Problem to solve
Restate every record exactly as it is written, while omitting the pictures it holds.
Given records section start
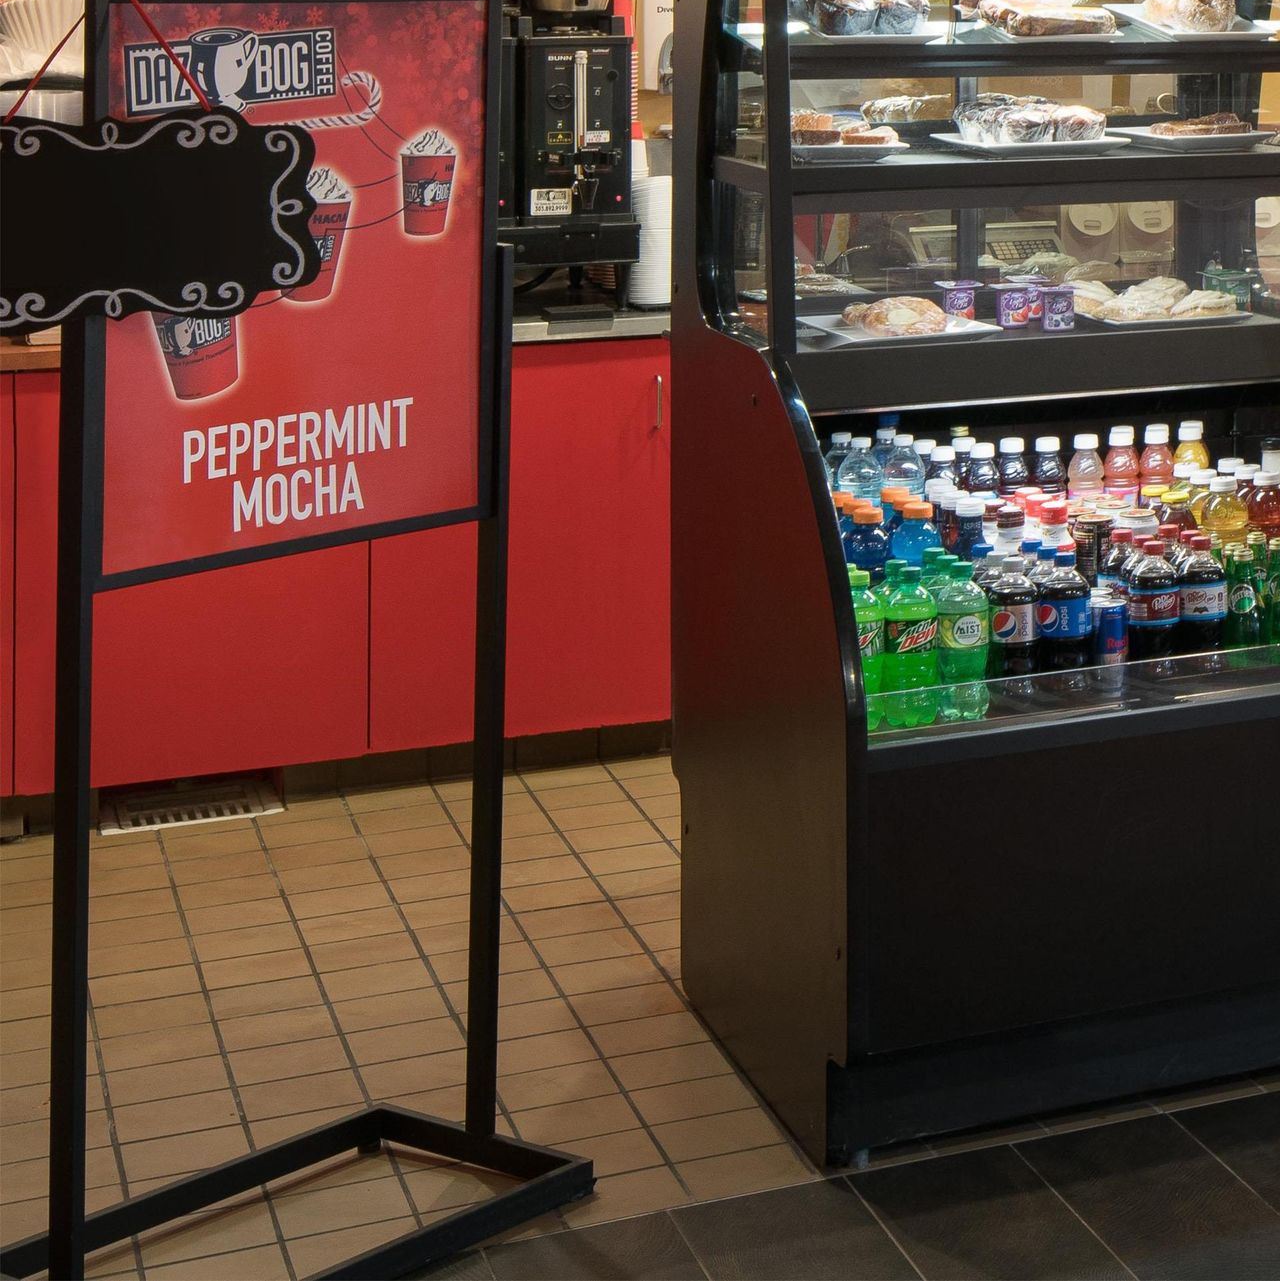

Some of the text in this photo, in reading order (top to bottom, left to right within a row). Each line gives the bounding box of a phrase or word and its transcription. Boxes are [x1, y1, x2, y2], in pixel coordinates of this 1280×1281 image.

[132, 30, 334, 104] DAZ BOG COFFEE
[326, 235, 335, 262] COFFEE
[182, 397, 414, 484] PEPPERMINT
[232, 462, 365, 532] MOCHA
[963, 521, 981, 530] ASPIRE
[956, 625, 980, 634] MIST
[1021, 611, 1029, 637] pepsi
[1061, 606, 1069, 630] pepsi
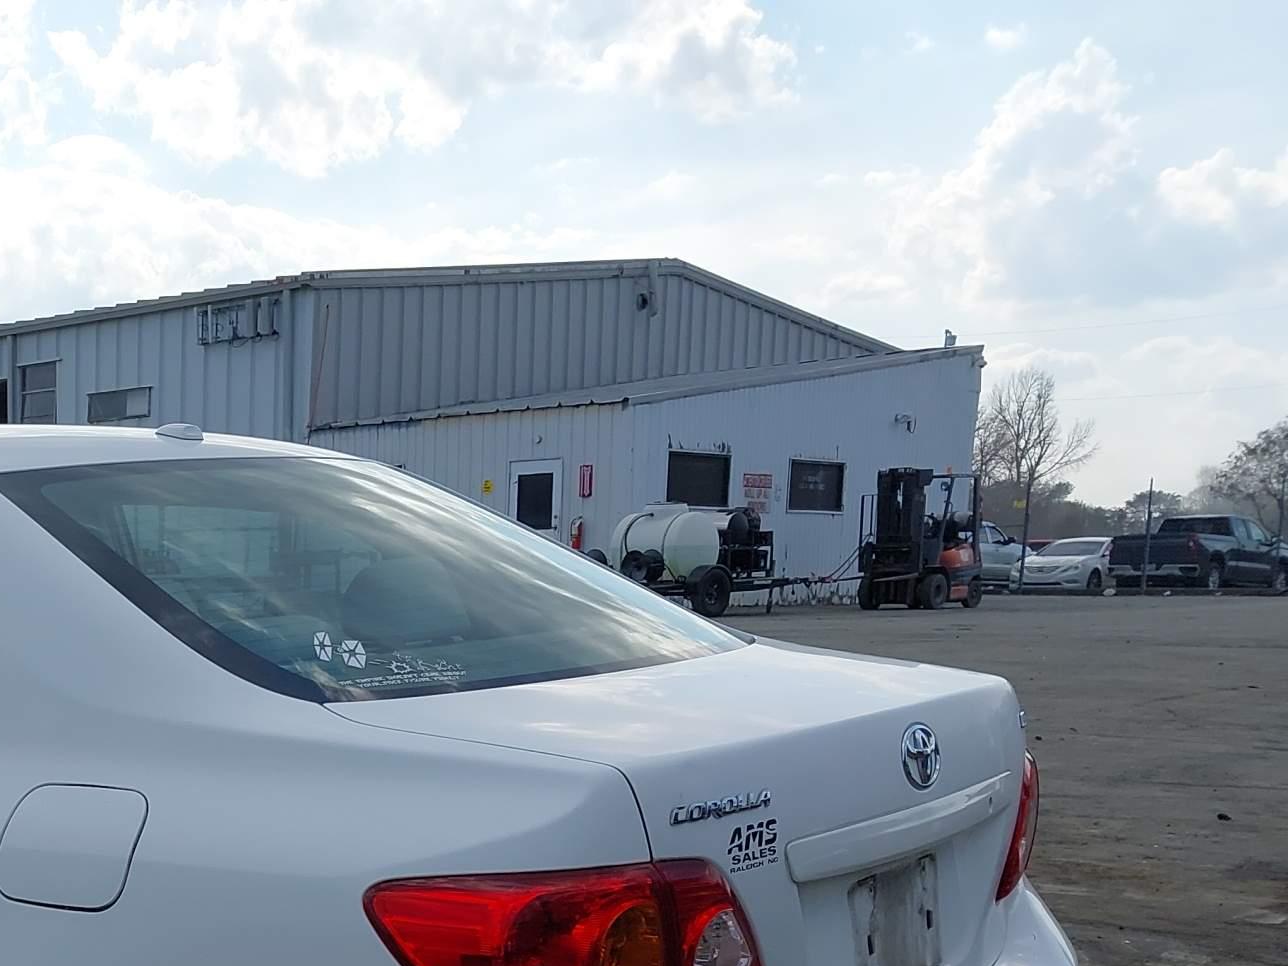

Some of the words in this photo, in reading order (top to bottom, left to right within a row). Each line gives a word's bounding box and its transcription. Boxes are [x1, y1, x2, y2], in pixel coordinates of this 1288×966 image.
Given records section end
Solution below
Some of the text in this photo, in reading order (top to bottom, left to right within a row). Each line gives the bounding box of a phrase or word and its transcription. Boxes are [x1, y1, x2, y2], in pixel coordinates of this 1280×1281 image.

[132, 30, 334, 104] DAZ BOG COFFEE
[326, 235, 335, 262] COFFEE
[182, 397, 414, 484] PEPPERMINT
[232, 462, 365, 532] MOCHA
[963, 521, 981, 530] ASPIRE
[956, 625, 980, 634] MIST
[1021, 611, 1029, 637] pepsi
[1061, 606, 1069, 630] pepsi

Some of the words in this photo, in reading order (top to bottom, left to right within a row). Each line gives a word's bounding box and its transcription. Boxes are [x1, y1, x2, y2], in pixel coordinates of this 1288×966 image.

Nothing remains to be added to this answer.